If you think of your evals like shrink wrap around each LLM call, you gain the ability to notice and localize problems that would otherwise be invisible. The most dangerous issues in LLM systems aren't the dramatic failures–those are obvious and get fixed quickly. The dangerous ones are slow degradations: a model update that makes your extraction step slightly less precise, a prompt change that subtly shifts tone in a way that compounds downstream. Without granular, dimensional evals close to each call, these small regressions slip through. You notice the system getting worse over time but can't pinpoint why, or worse, the degradation is small enough that it never feels worth investigating. Until it is. Tight evals make these trends visible early, and because they're scoped to a specific call and a specific dimension, they tell you exactly where to look.
This doesn't mean pipeline-level evals are useless. Some properties are only visible end-to-end. A multi-step reasoning chain might produce correct intermediate outputs that still combine into a wrong final answer. Pipeline-level evals catch that, and they have value as a high-level signal, especially early in a project when you're still getting oriented. But they shouldn't be your primary feedback mechanism.
Anti-Patterns Worth Avoiding
With this mental model in place, a few common mistakes become easier to spot.
Evaluating too much of the pipeline at once
When your eval spans multiple LLM calls and application logic, a failing score tells you something is wrong but not where. You end up re-running the whole pipeline with different inputs, squinting at intermediate outputs, trying to localize the issue manually. This is exactly the work your evals should be doing for you.
Reaching for LLM-as-judge too quickly
It's tempting to throw an LLM at evaluation because it feels easy: "Hey, is this result good?" But LLM-as-judge is slow, expensive, and non-deterministic. Worse, the apparent ease of it tempts you into asking a single eval to assess too many things at once, collapsing everything into a single axis of correctness. Start with deterministic checks first–schema validation, exact match, regex, set membership–and reserve LLM-as-judge for dimensions that genuinely resist deterministic evaluation
Conflating evaluation with validation
Evals aren't a pass/fail gate. They're an instrument panel. The goal isn't to get a green checkmark, the goal is to build a profile of your system's behavior that you can reason about, track over time, and use to make targeted improvements.
The Payoff
Consider the difference. The old approach: one "correctness" eval on your pipeline's final output. It scores 0.87. It drops to 0.81 next week. You don't know why.
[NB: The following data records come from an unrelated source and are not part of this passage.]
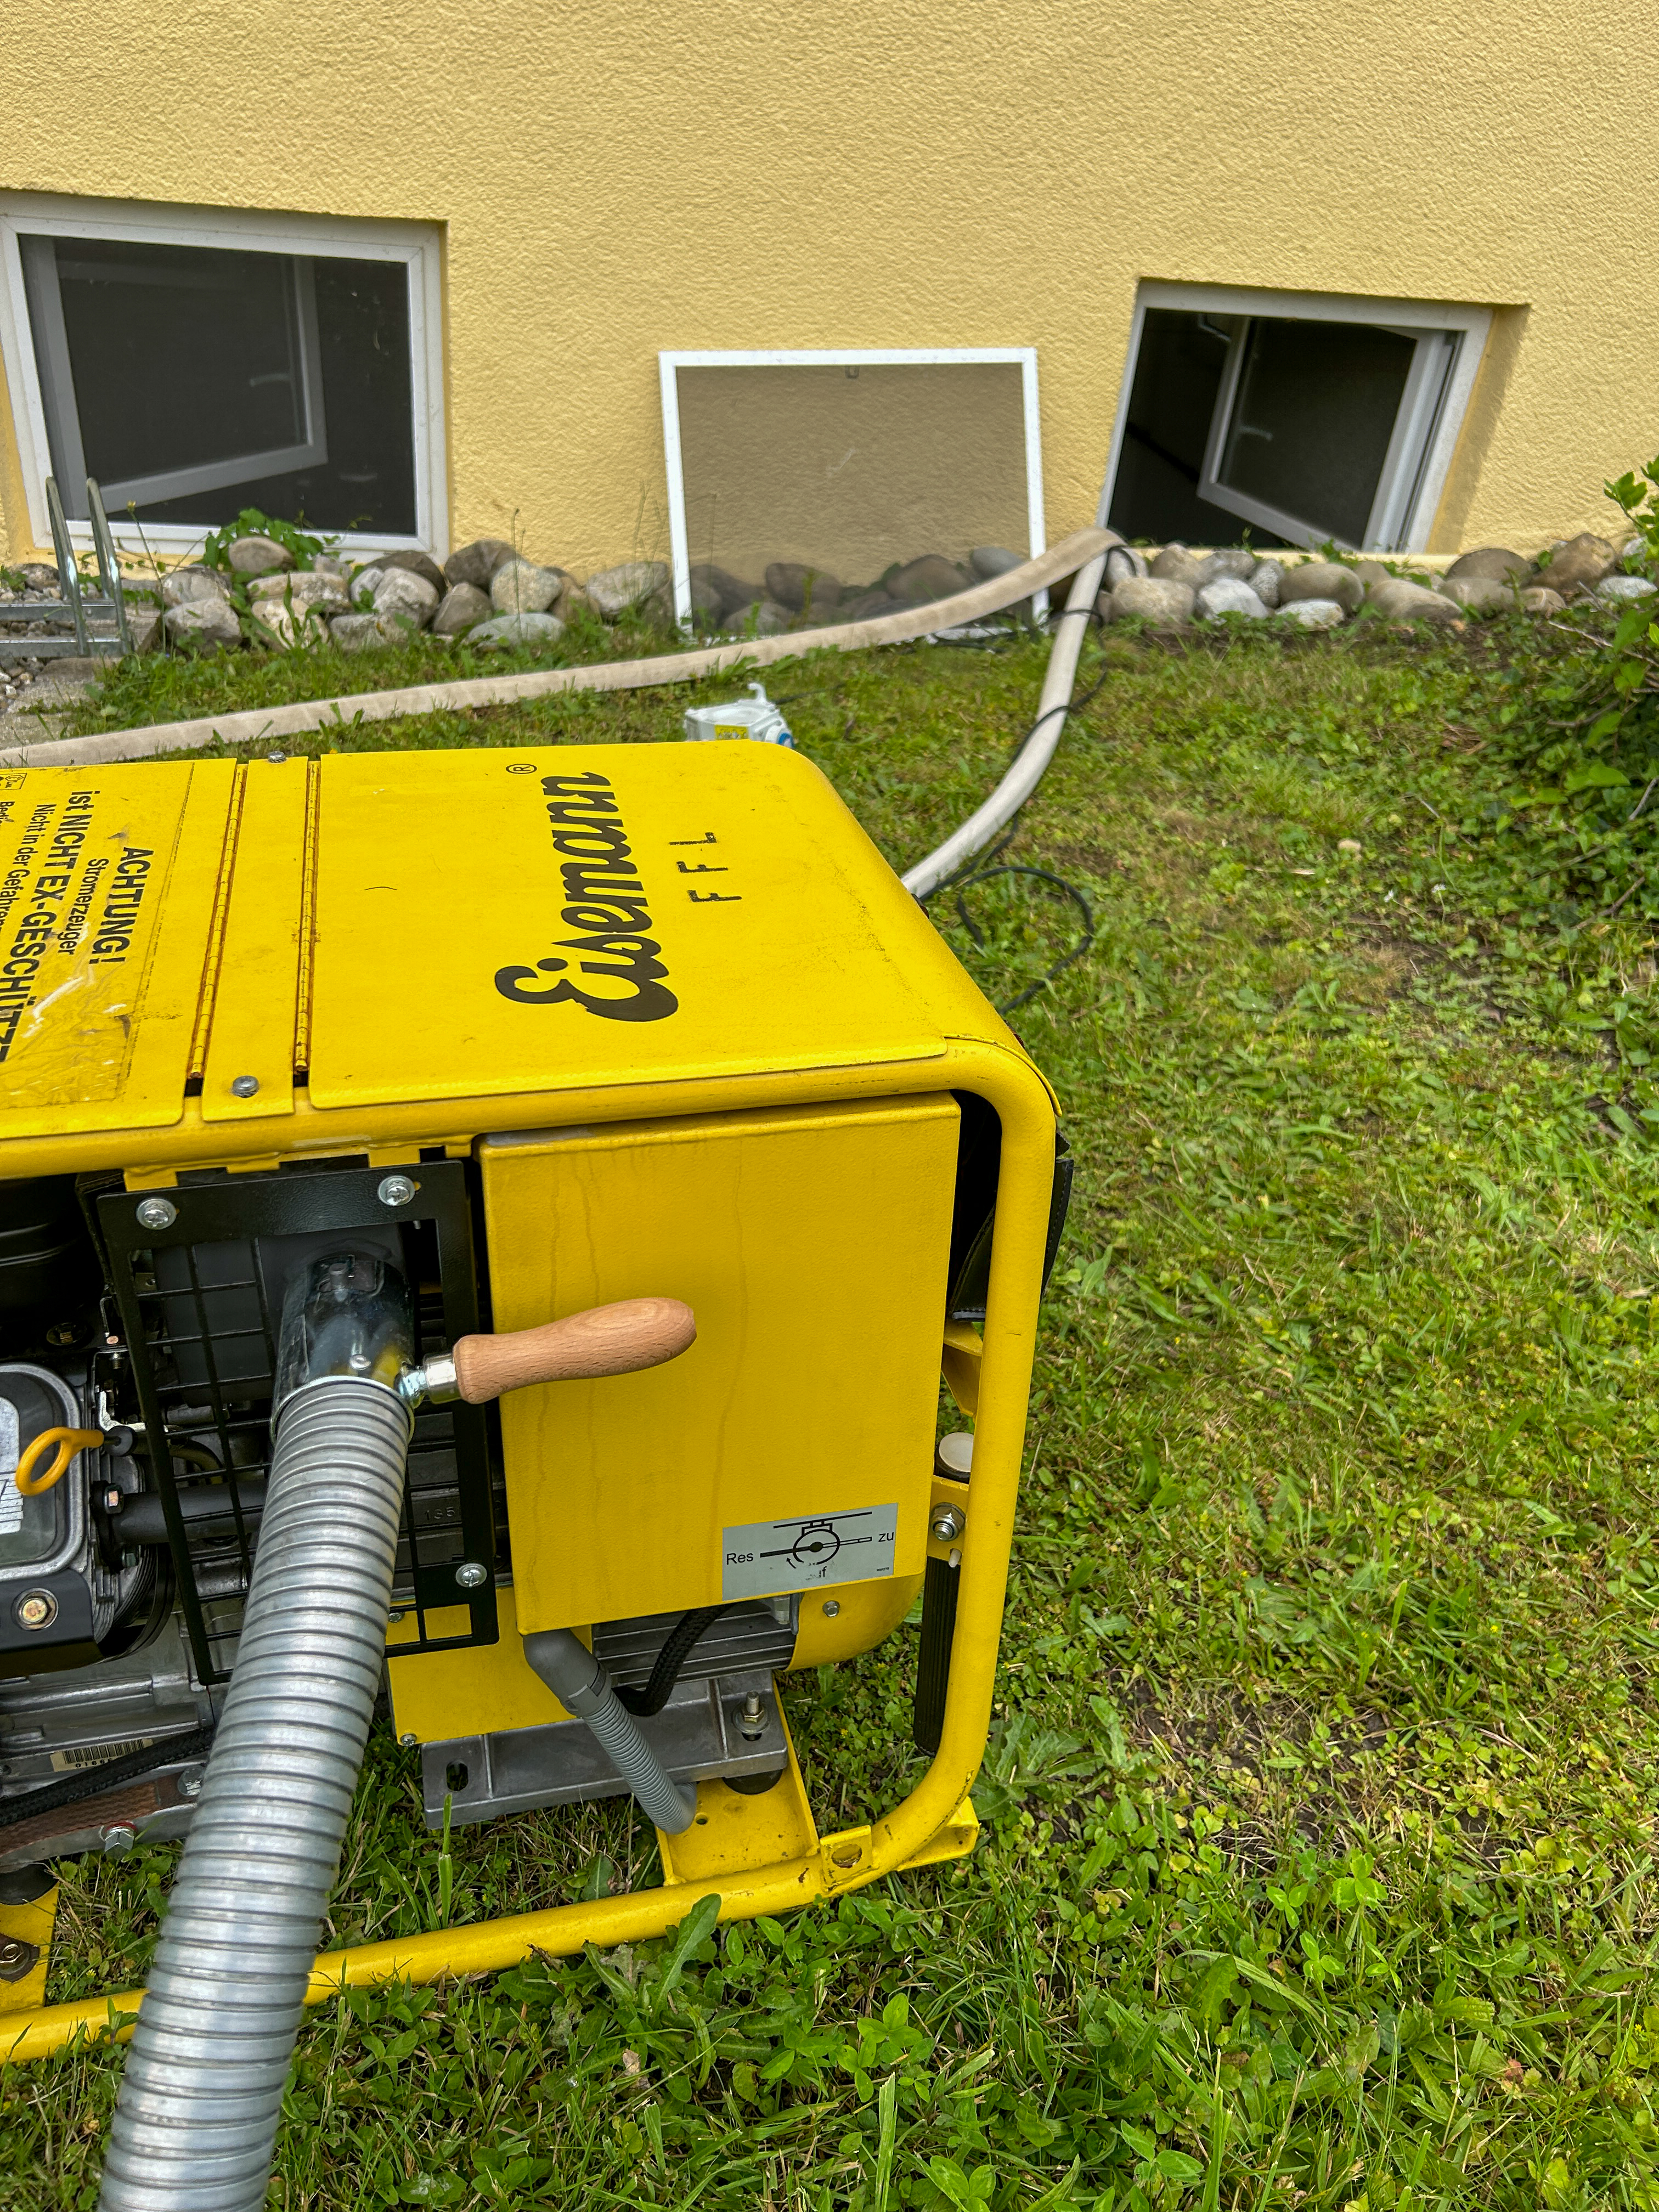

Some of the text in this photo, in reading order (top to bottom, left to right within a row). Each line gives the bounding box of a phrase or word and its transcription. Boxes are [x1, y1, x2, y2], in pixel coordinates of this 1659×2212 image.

[65, 791, 100, 811] ist
[26, 804, 57, 832] Nicht
[21, 834, 45, 844] in
[44, 814, 93, 870] NICHT
[12, 847, 39, 866] der
[57, 859, 110, 955] Stromerzeuger
[89, 847, 154, 964] ACHTUNG!
[494, 771, 679, 1022] Eisemann
[726, 1532, 894, 1565] Res zu
The new approach: you have extraction precision at 0.94, citation grounding at 0.88, policy compliance at 0.97, and tone at 0.91. Next week, citation grounding drops to 0.72 while everything else holds. You know exactly what changed, you know which call to look at, and you probably already have a hypothesis about why.
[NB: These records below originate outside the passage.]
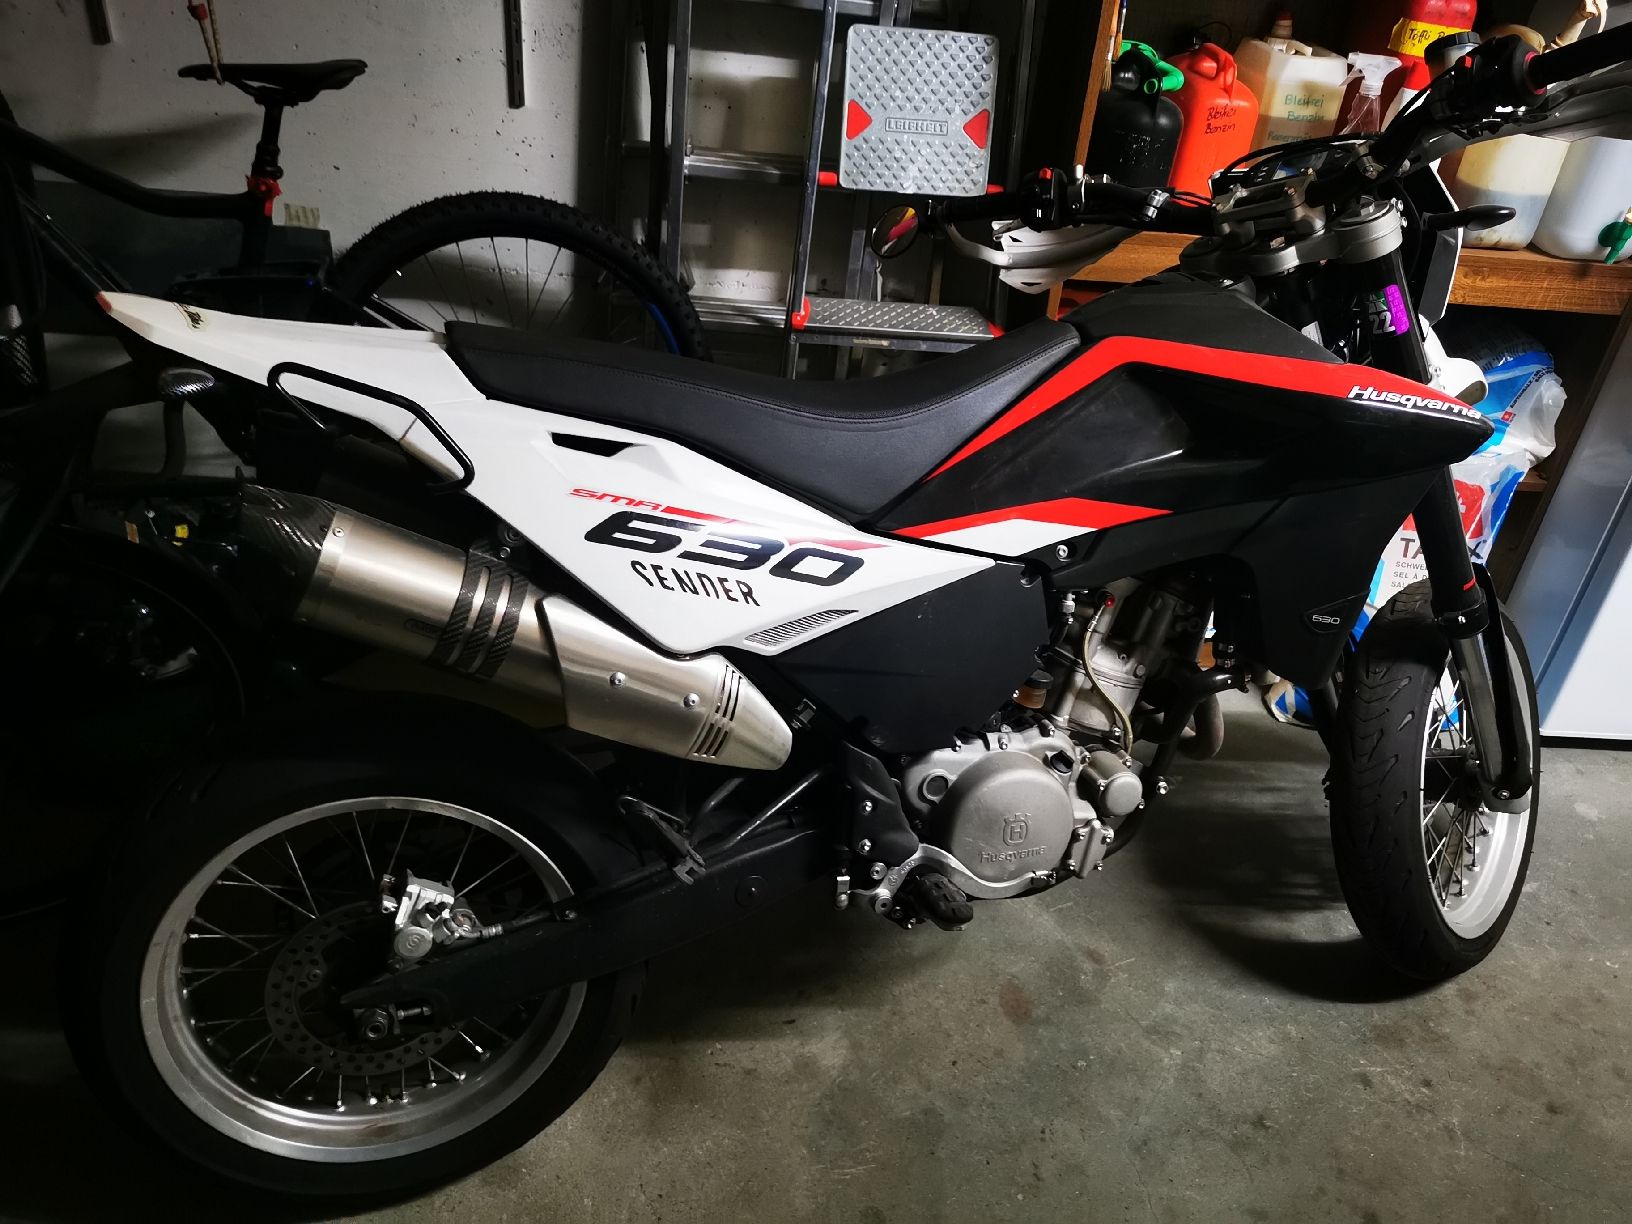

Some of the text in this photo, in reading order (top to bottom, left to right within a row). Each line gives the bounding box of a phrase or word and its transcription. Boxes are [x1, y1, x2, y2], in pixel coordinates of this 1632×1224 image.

[886, 119, 948, 133] LEIFHEIT
[1369, 311, 1396, 334] 22
[1347, 385, 1482, 419] Husqvarna
[569, 488, 662, 511] SMR
[584, 510, 864, 586] 630
[1395, 561, 1428, 570] SCHWE
[630, 559, 760, 607] SENDER
[1312, 614, 1341, 624] 630
[979, 845, 1047, 864] Husqvarna
Your evals get easier to write because each one is asking a focused, often deterministic question. They get easier to maintain because changes to one part of the system don't cascade failures across unrelated checks. And when something degrades, you know exactly where to look and what changed.
You stop asking "is the answer good?" and start asking "what does the answer look like?”, and this, it turns out, is a much more useful question.